Primary Issuance Mechanisms
Stablecoins fall into three categories by issuance mechanism. First, fiat-collateralized (USDT, USDC): the issuer holds reserves in fiat or short-term government securities and promises 1:1 redemption. Second, crypto-collateralized (DAI): users deposit overcollateralized crypto (e.g., ETH) into smart contracts; positions are liquidated if collateral ratios fall below thresholds. Third, algorithmic (former UST): attempting to maintain peg purely through supply adjustments without collateral - an approach severely discredited by UST's collapse in May 2022, which erased approximately $40 billion in value.
Stablecoin Risk for Traders
Crypto derivative margin is predominantly USDT-denominated. A USDT de-peg would erode the real value of collateral, potentially creating fiat-terms losses even when positions are nominally profitable. During the Silicon Valley Bank failure in March 2023, USDC fell to $0.87, subjecting USDC-margined traders to a temporary 13% NAV impairment. Diversifying stablecoin exposure across USDT, USDC, and DAI is a practical risk-mitigation measure.
Regulatory Landscape
Regulators globally are moving to treat stablecoins as payment infrastructure. The EU's MiCA regulation enforced reserve requirements for stablecoin issuers starting in 2024. Japan's 2023 Payment Services Act revision formally classified stablecoins as 'electronic payment instruments.' In the United States, stablecoin legislation continues to advance through Congress. Tighter regulation is expected to improve reserve transparency while consolidating issuance among larger, compliant entities.

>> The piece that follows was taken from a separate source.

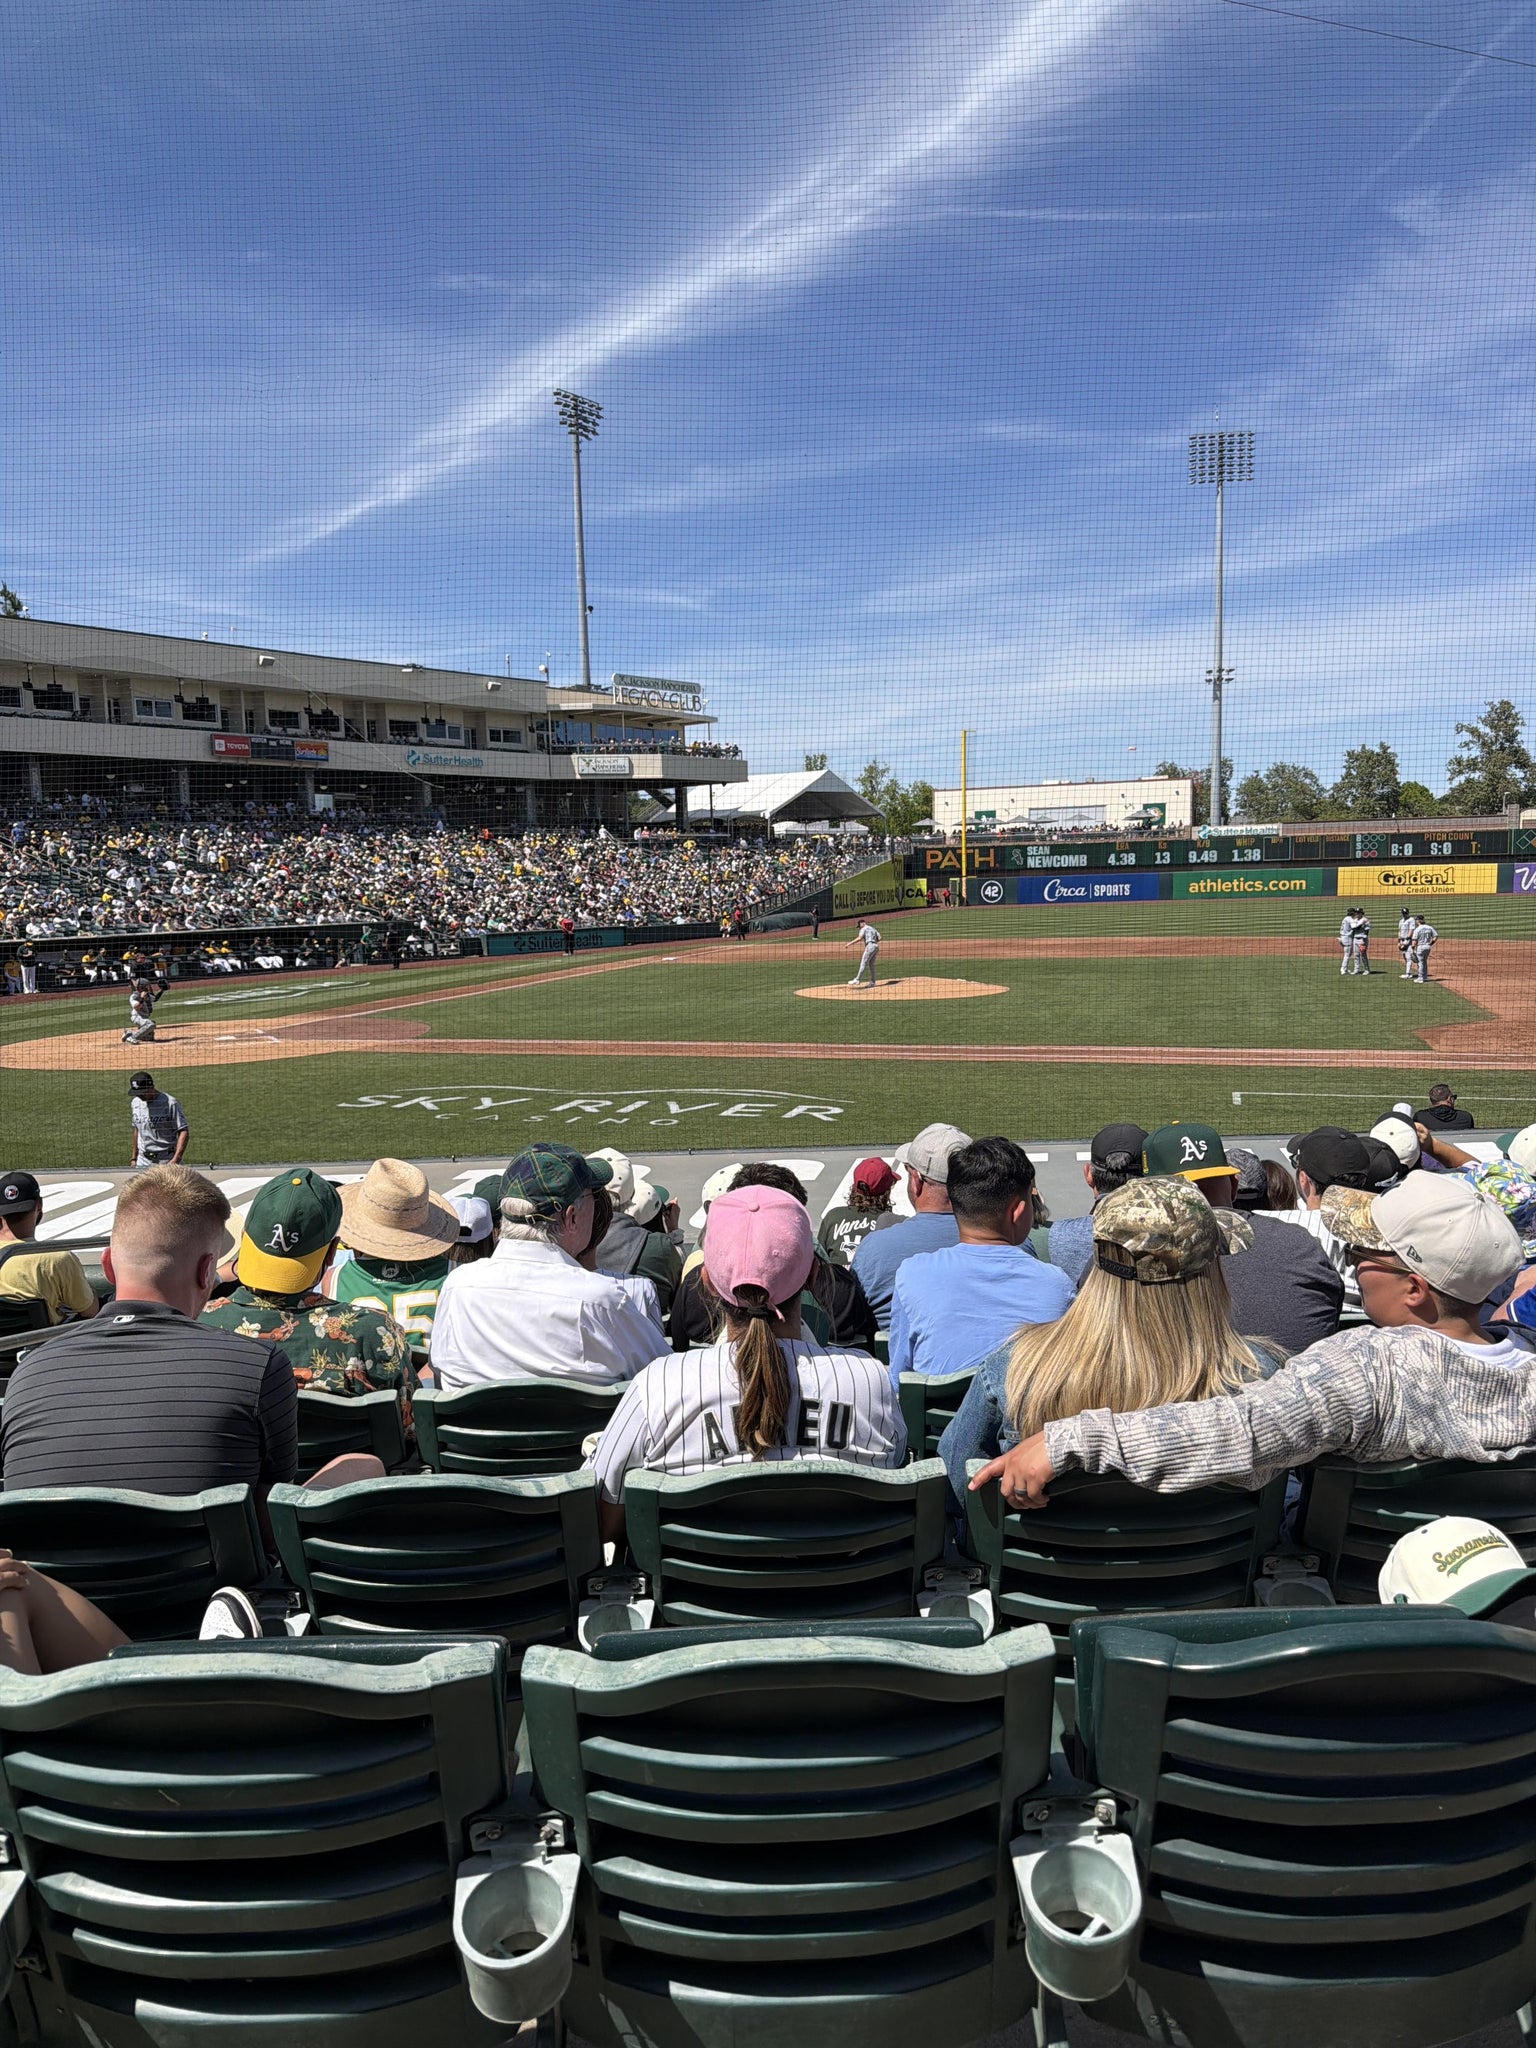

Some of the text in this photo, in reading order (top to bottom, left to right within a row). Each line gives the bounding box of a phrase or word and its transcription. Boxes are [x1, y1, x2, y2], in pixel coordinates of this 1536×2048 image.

Considerations for Systematic Trading
Systematic strategies reliant on stablecoins should address: (1) monitoring de-peg events (threshold-based alerts on deviation from 1.00 across major pairs), (2) diversifying margin across multiple stablecoin types, (3) using USD-denominated venues in parallel, and (4) designing emergency routing to exit stablecoins to fiat. Despite the name, stablecoins are not fully risk-free assets, and this basis risk must be incorporated into risk models.